The approach you're using is unnecessarily complex - and very inefficient. Instead of the first function use:

create or replace function compute_pair_id_value(id bigint, value integer)
    returns setof pair_id_value
as $$
SELECT $1, generate_series(0,$2);
$$                          
language sql;

or better, get rid of it entirely and write the whole operation like this:

-- Sample data creation:
CREATE TABLE my_obj(id bigint, obj_value integer);
insert into my_obj(id,obj_value) VALUES (1712437,2),(17000,5);

-- and the query:
SELECT id, generate_series(0,obj_value) FROM my_obj;

Resulting in:

regress=> SELECT id, generate_series(0,obj_value) FROM my_obj;
   id    | generate_series 
---------+-----------------
 1712437 |               0
 1712437 |               1
 1712437 |               2
   17000 |               0
   17000 |               1
   17000 |               2
   17000 |               3
   17000 |               4
   17000 |               5
(9 rows)

This exploits PostgreSQL's behaviour with set-returning functions called in the SELECT list.

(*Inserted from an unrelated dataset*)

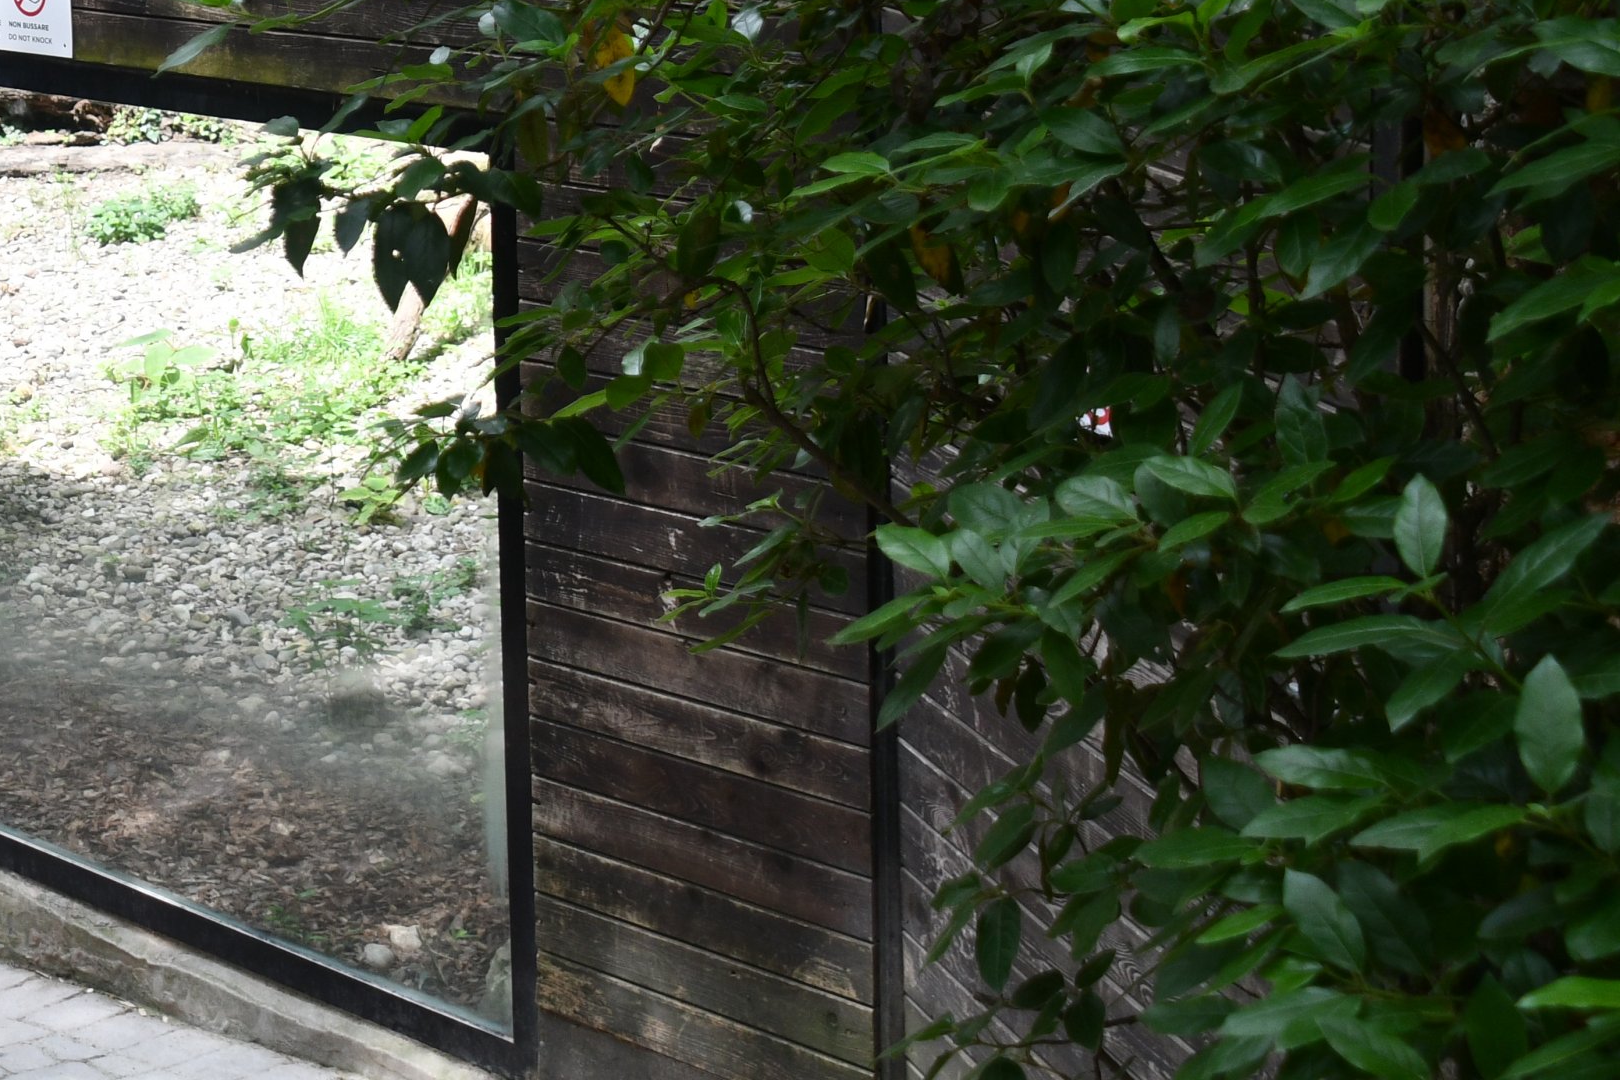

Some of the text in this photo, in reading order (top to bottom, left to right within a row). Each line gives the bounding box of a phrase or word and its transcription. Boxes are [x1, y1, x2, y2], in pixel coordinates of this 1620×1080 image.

[23, 22, 49, 31] BUSSARE
[8, 33, 17, 41] DO
[32, 36, 52, 45] KNOCK
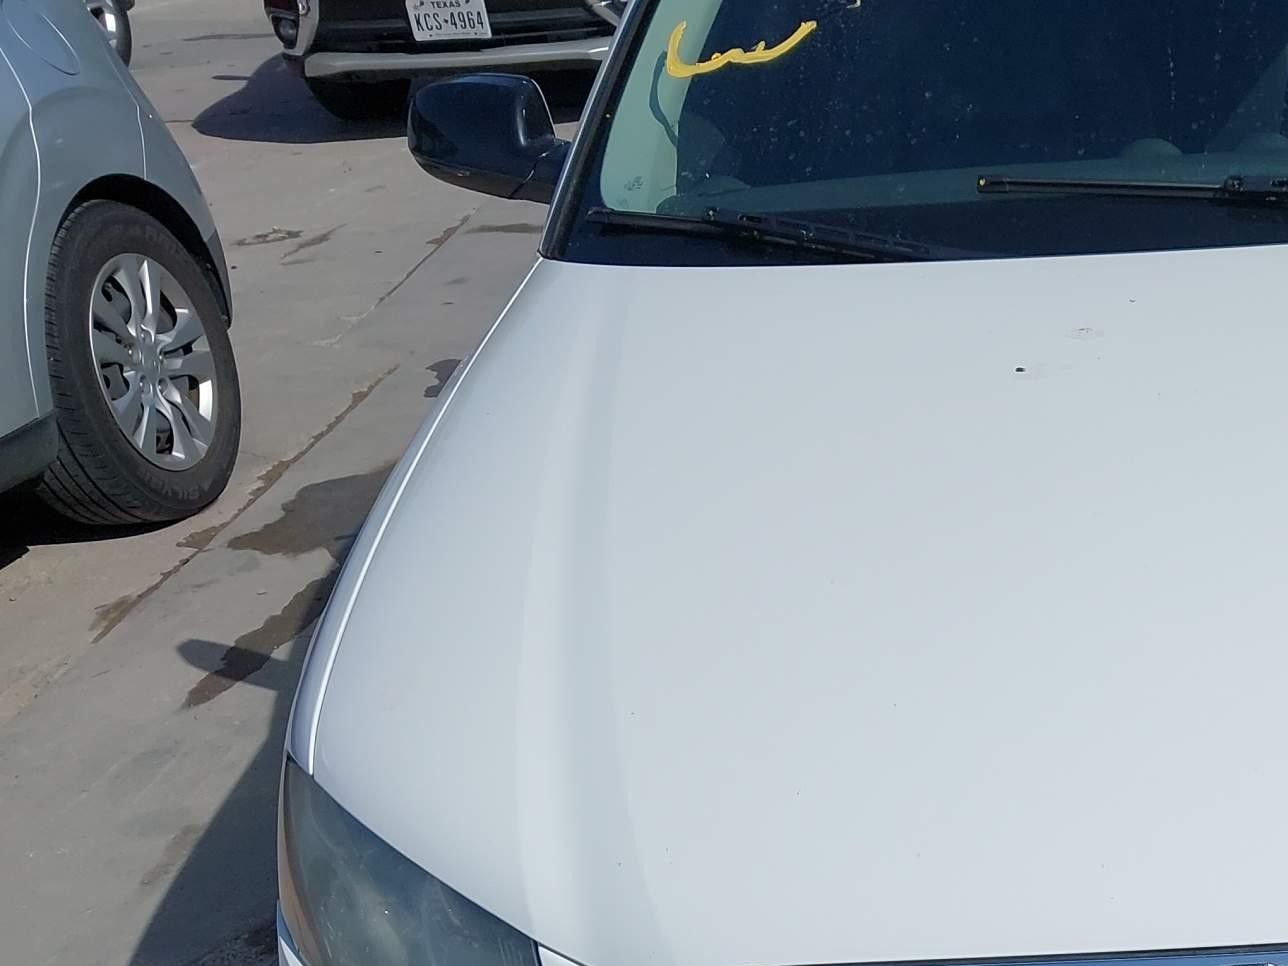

Once PostgreSQL 9.3 comes out it can be replaced with a standards-compliant LATERAL query.


Since it turns out your question was a simplified version of the real problem, let's tackle that. I'll work with the simplified compute_pair_id_value above to avoid the hassle of plpython3. Here's how to do what you want:

SELECT (compute_pair_id_value(id,obj_value)).* FROM my_obj;

Result:

regress=> SELECT (compute_pair_id_value(id,obj_value)).* FROM my_obj;
   id    | value 
---------+-------
 1712437 |     0
 1712437 |     1
 1712437 |     2
   17000 |     0
   17000 |     1
   17000 |     2
   17000 |     3
   17000 |     4
   17000 |     5
(9 rows)

but again, be warned that compute_pair_id_value will be called more than once. This is a limitation of PostgreSQL's query executor that can be avoided in 9.3 with LATERAL support, but as far as I know you're stuck with it in 9.2 and below. Observe:

create or replace function compute_pair_id_value(id bigint, value integer)
    returns setof pair_id_value
as $$
BEGIN
  RAISE NOTICE 'compute_pair_id_value(%,%)',id,value;
  RETURN QUERY SELECT $1, generate_series(0,$2);
END;
$$             
language plpgsql;

output:

regress=> SELECT (compute_pair_id_value(id,obj_value)).* FROM my_obj;
NOTICE:  compute_pair_id_value(1712437,2)
NOTICE:  compute_pair_id_value(1712437,2)
NOTICE:  compute_pair_id_value(17000,5)
NOTICE:  compute_pair_id_value(17000,5)
   id    | value 
---------+-------
 1712437 |     0
 1712437 |     1
 1712437 |     2
   17000 |     0
   17000 |     1
   17000 |     2
   17000 |     3
   17000 |     4
   17000 |     5
(9 rows)

See how compute_pair_id_value is called once per output column?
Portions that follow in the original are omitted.